## ASSIGNMENT:
Without including pictures, set down every record exactly as it stands.
------ RECORD EXCERPTS
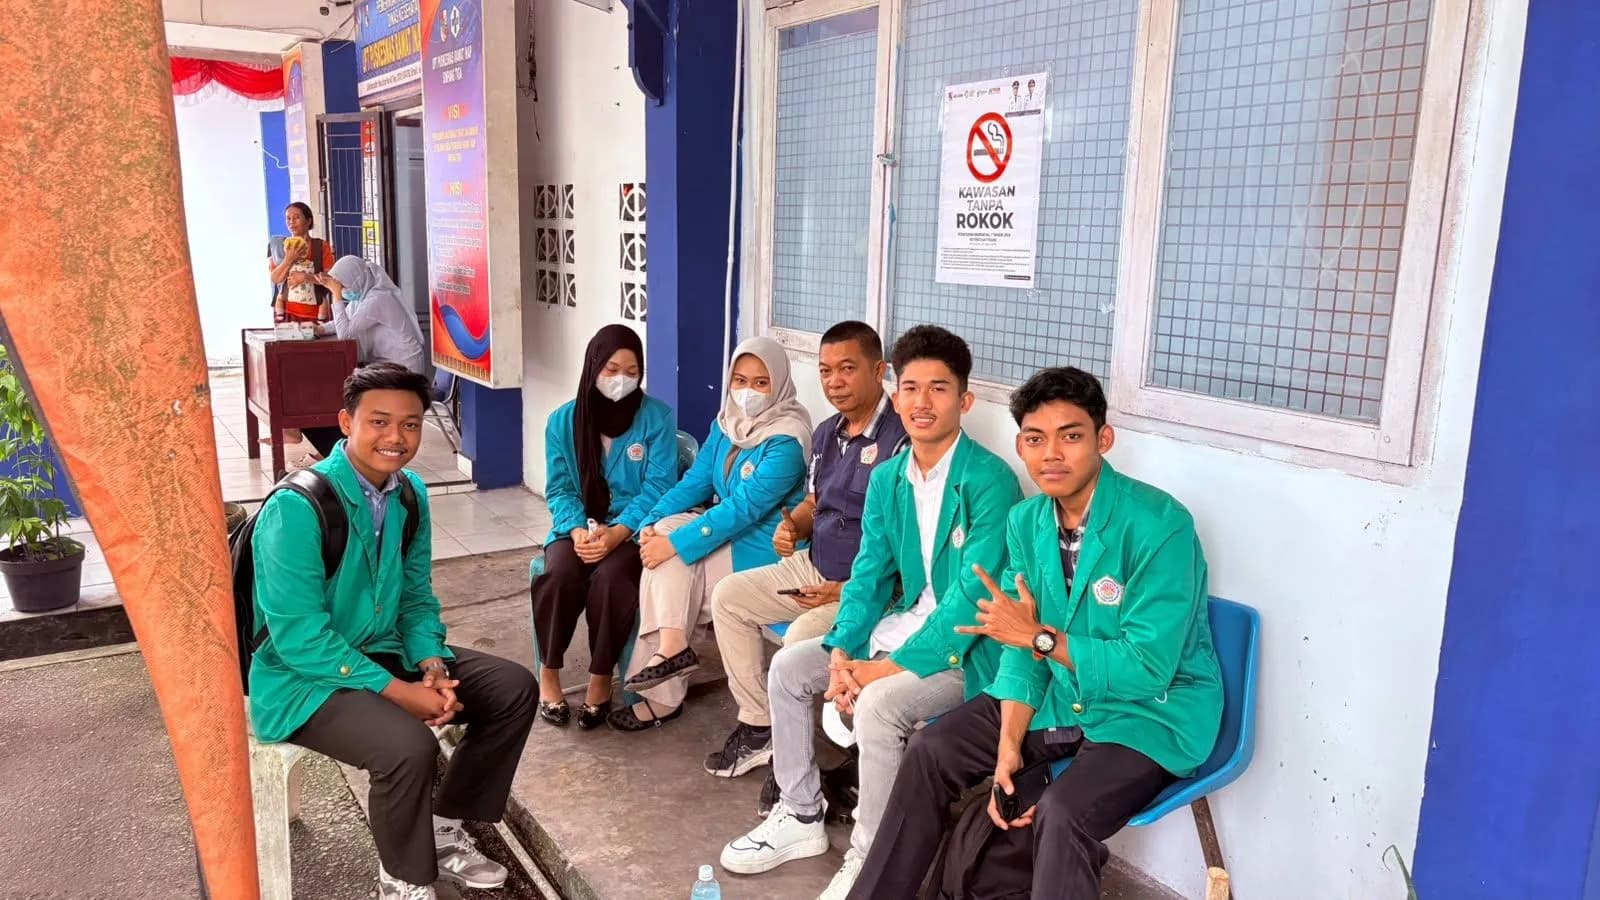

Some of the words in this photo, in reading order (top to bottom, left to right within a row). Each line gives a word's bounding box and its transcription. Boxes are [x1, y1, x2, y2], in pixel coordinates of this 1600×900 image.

[447, 103, 460, 120] VISI
[958, 185, 1016, 199] KAWASAN
[967, 199, 1004, 211] TANPA
[956, 212, 1014, 229] ROKOK
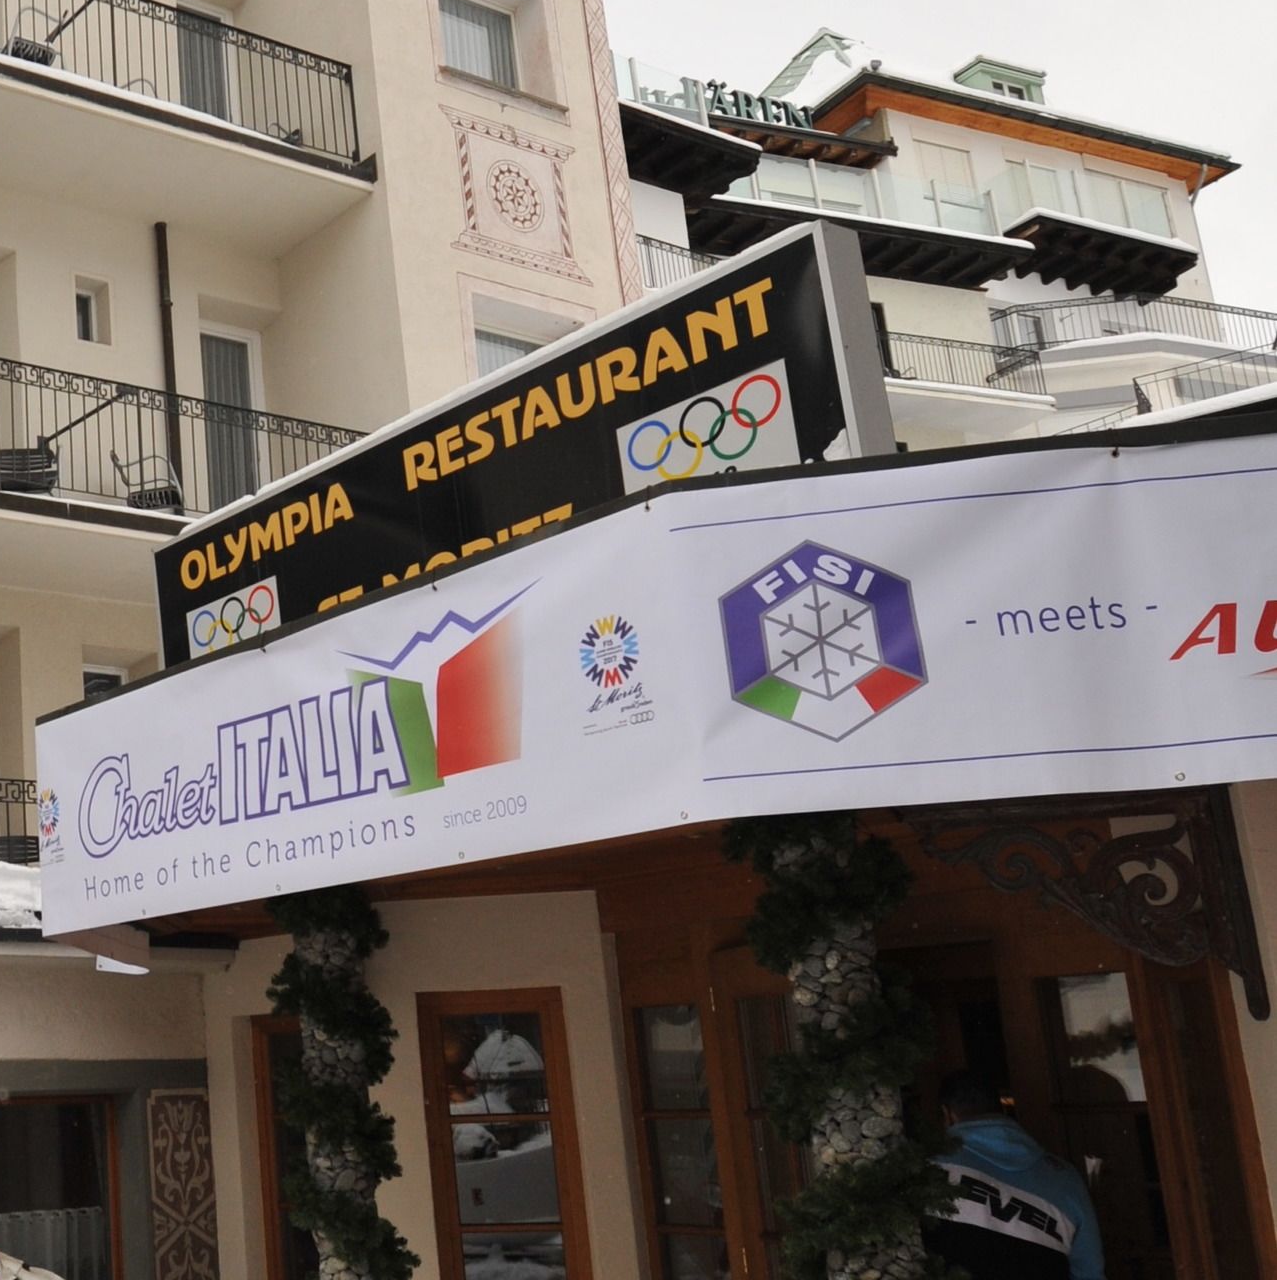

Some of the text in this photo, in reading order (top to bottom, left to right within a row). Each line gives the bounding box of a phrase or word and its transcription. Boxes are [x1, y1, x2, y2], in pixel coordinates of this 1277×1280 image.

[180, 483, 354, 590] OLYMPIA
[403, 277, 773, 491] RESTAURANT
[752, 554, 875, 604] FISI
[996, 597, 1127, 637] meets
[217, 676, 411, 826] ITALIA
[442, 794, 528, 829] since 2009
[85, 814, 416, 901] Home of the Champions
------------
## RESPONSE:
Some of the words in this photo, in reading order (top to bottom, left to right within a row). Each line gives a word's bounding box and its transcription. Boxes are [x1, y1, x2, y2], in pixel coordinates of this 1600×900 image.

[447, 103, 460, 120] VISI
[958, 185, 1016, 199] KAWASAN
[967, 199, 1004, 211] TANPA
[956, 212, 1014, 229] ROKOK

Some of the text in this photo, in reading order (top to bottom, left to right within a row). Each line gives the bounding box of a phrase or word and its transcription. Boxes are [x1, y1, x2, y2], in pixel coordinates of this 1277×1280 image.

[180, 483, 354, 590] OLYMPIA
[403, 277, 773, 491] RESTAURANT
[752, 554, 875, 604] FISI
[996, 597, 1127, 637] meets
[217, 676, 411, 826] ITALIA
[442, 794, 528, 829] since 2009
[85, 814, 416, 901] Home of the Champions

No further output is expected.